« Oublier Clamart »

   « Je résolus d'aller habiter quelque part là-bas, pour un certain temps. J'avais envie d'y passer aussi les soirées et de m'y confronter aux nuits. Je pensais que ce ne serait pas pour toujours, de même que, dans mon idée, je n'étais marié que provisoirement, que je me contentais plutôt de jouer les pères et n'écrirais pas non plus à perpétuité.
   C'est ainsi que je louai à des gens qui voulaient vivre quelques années en Afrique une maison située dans une zone encore inconnue pour moi. (Aujourd'hui encore, alors que je crois connaître comme ma poche tous les recoins du département, il m'arrive presque tous les jours de me retrouver avec surprise dans un monde totalement étranger, souvent pour la simple raison que je suis arrivé d'une direction légèrement différente.) La maison était encore occupée par ses propriétaires, mais j'étais très impatient de les voir la quitter et disparaître au Sénégal ou ailleurs. Cela était-il possible, que quelqu'un fût pris d'une folie ou d'une telle concupiscence pour un lieu d'habitation, devant lequel, au surplus, les amis auxquels je m'empressai de le présenter fièrement dès la signature du bail se montrèrent tous plutôt réservés ?

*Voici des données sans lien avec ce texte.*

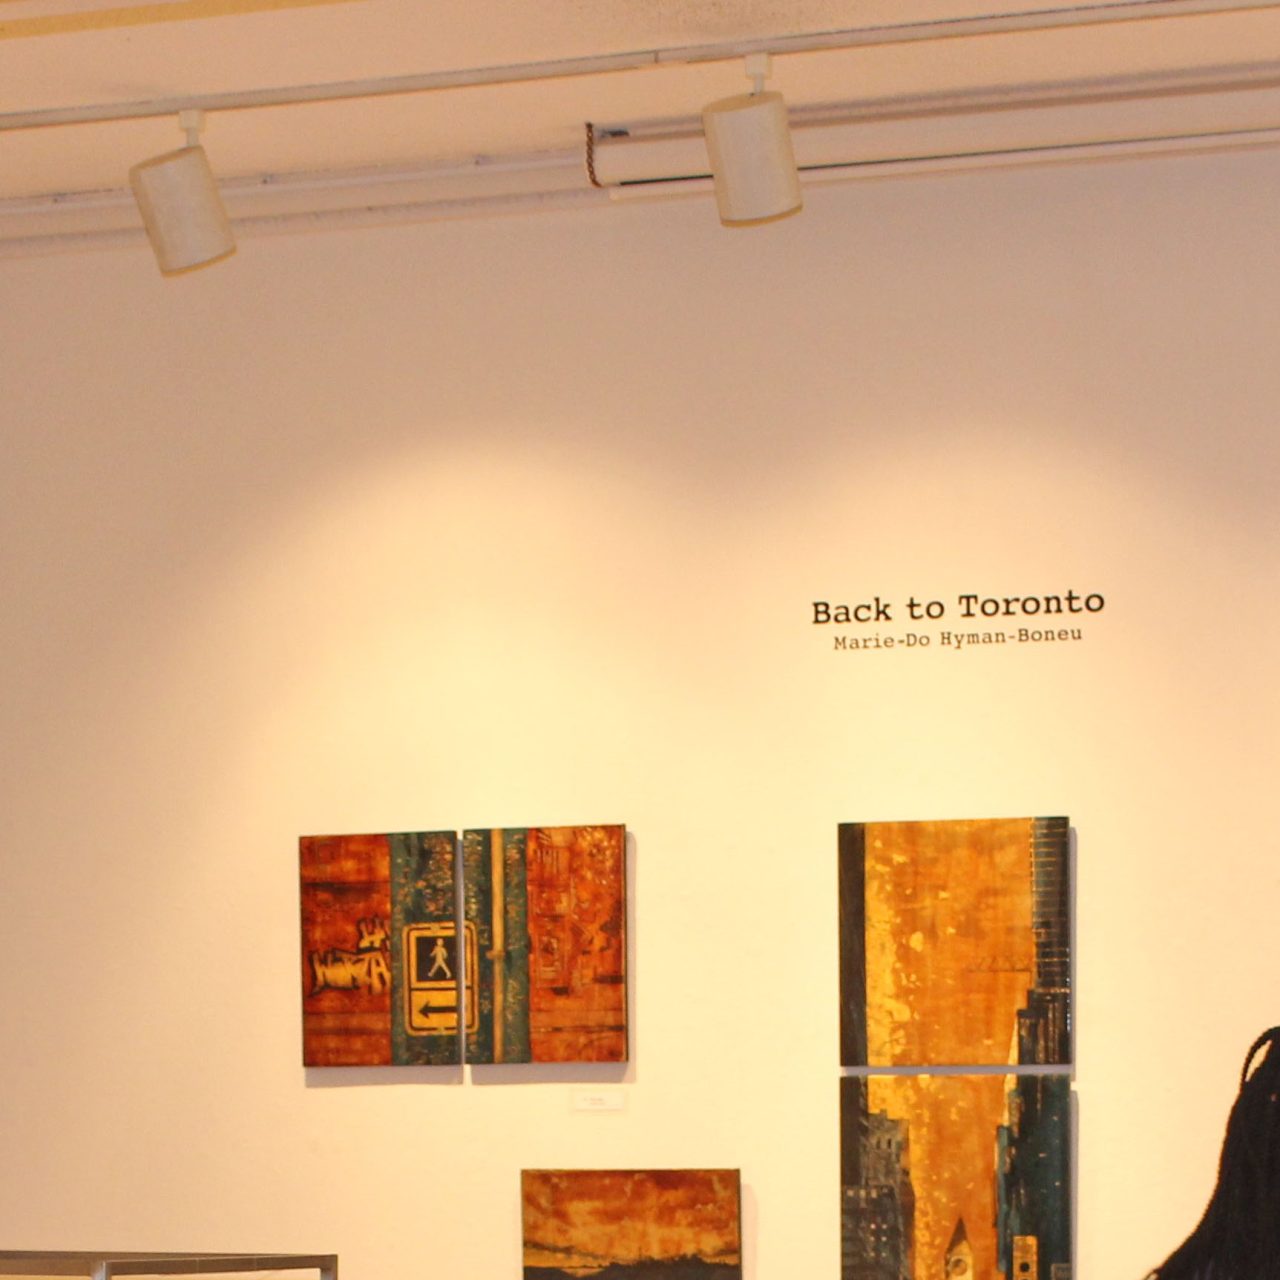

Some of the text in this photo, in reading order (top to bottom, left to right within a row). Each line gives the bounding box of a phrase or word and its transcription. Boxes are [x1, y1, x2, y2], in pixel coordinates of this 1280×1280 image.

   On pouvait aussi, comme l'un de mes accompagnateurs, voir dans cette maison "un énorme silo à blé en pierre, vidé de ses entrailles", aligné sur d'autres blocs très semblables, couverts de tuiles, d'ardoises ou de zinc, avec un trottoir qui laissait à peine la place à une personne mais serpentait jusqu'à un point de fuite infiniment lointain et bruineux, d'une couleur qu'un autre de mes compagnons, me heurtant sans cesse sous la pluie, qualifia de "sang de boeuf" — même mon enfant, je le sentis à sa main, eut un mouvement de recul — dans une rue de la même tonalité, où une voiture sur deux était une auto-école, pas la moindre boutique ou le moindre bar en vue, et tout cela dans une banlieue qui, à supposer que l'on en connût l'existence, était le symbole de la monotonie et de la tristesse, comme l'illustrait ce titre de journal fait pour inciter à rejoindre les lointaines plages à cocotiers : « Oublier Clamart »

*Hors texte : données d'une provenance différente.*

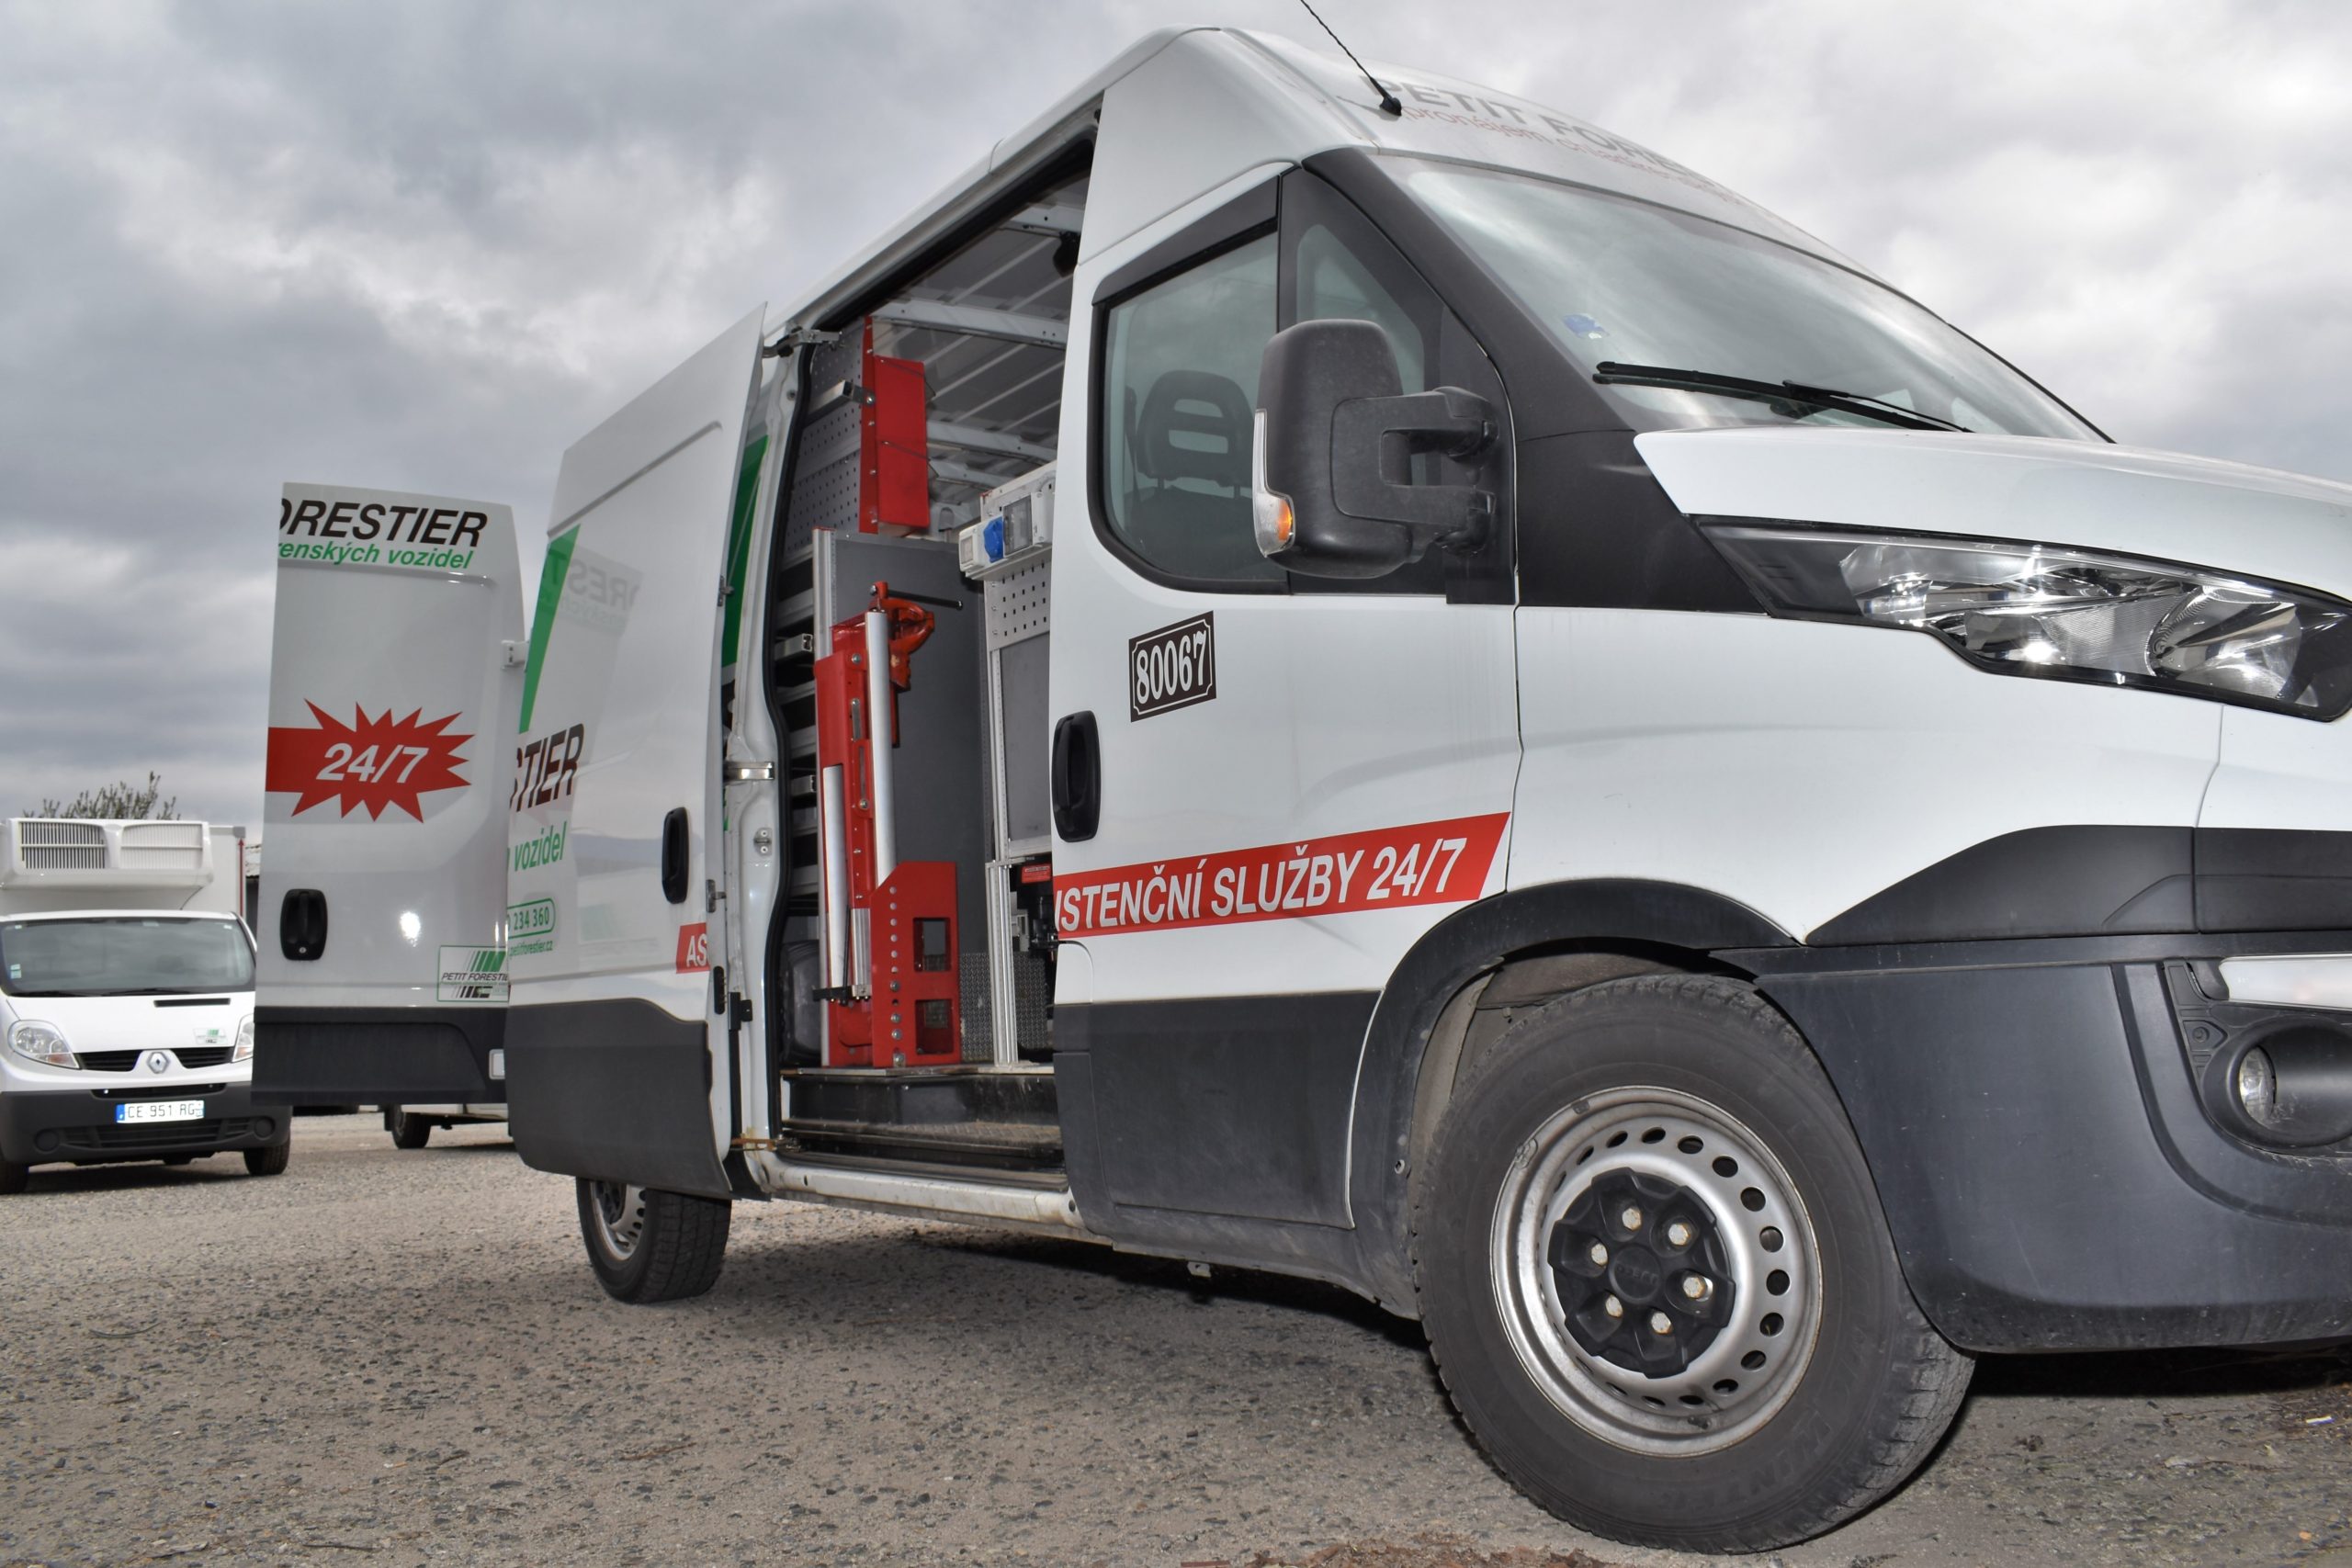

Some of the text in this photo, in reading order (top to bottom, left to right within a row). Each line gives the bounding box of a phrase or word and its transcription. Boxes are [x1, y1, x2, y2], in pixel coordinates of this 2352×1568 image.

   Je restai épris de mon futur logement ; je brûlais d'y emménager. La Catalane estima d'abord que si l'endroit me plaisait, c'était seulement parce que, comme toujours, je voulais le contraire de tout le monde ; je ne me sentais bien que dans le rôle du solitaire incompris de tous et envers qui ses proches eux-mêmes commettaient injustice sur injustice, qui avait le monde entier contre lui, car sinon pourquoi, même quand je ne m'adressais qu'à elle, ma femme, l'aurais-je renvoyée avec un « Vous ! », encore plus clair sous sa forme espagnole, « vosotros », « vous autres » : « Vous autres, vous êtes ; Vous autres, vous avez… »?!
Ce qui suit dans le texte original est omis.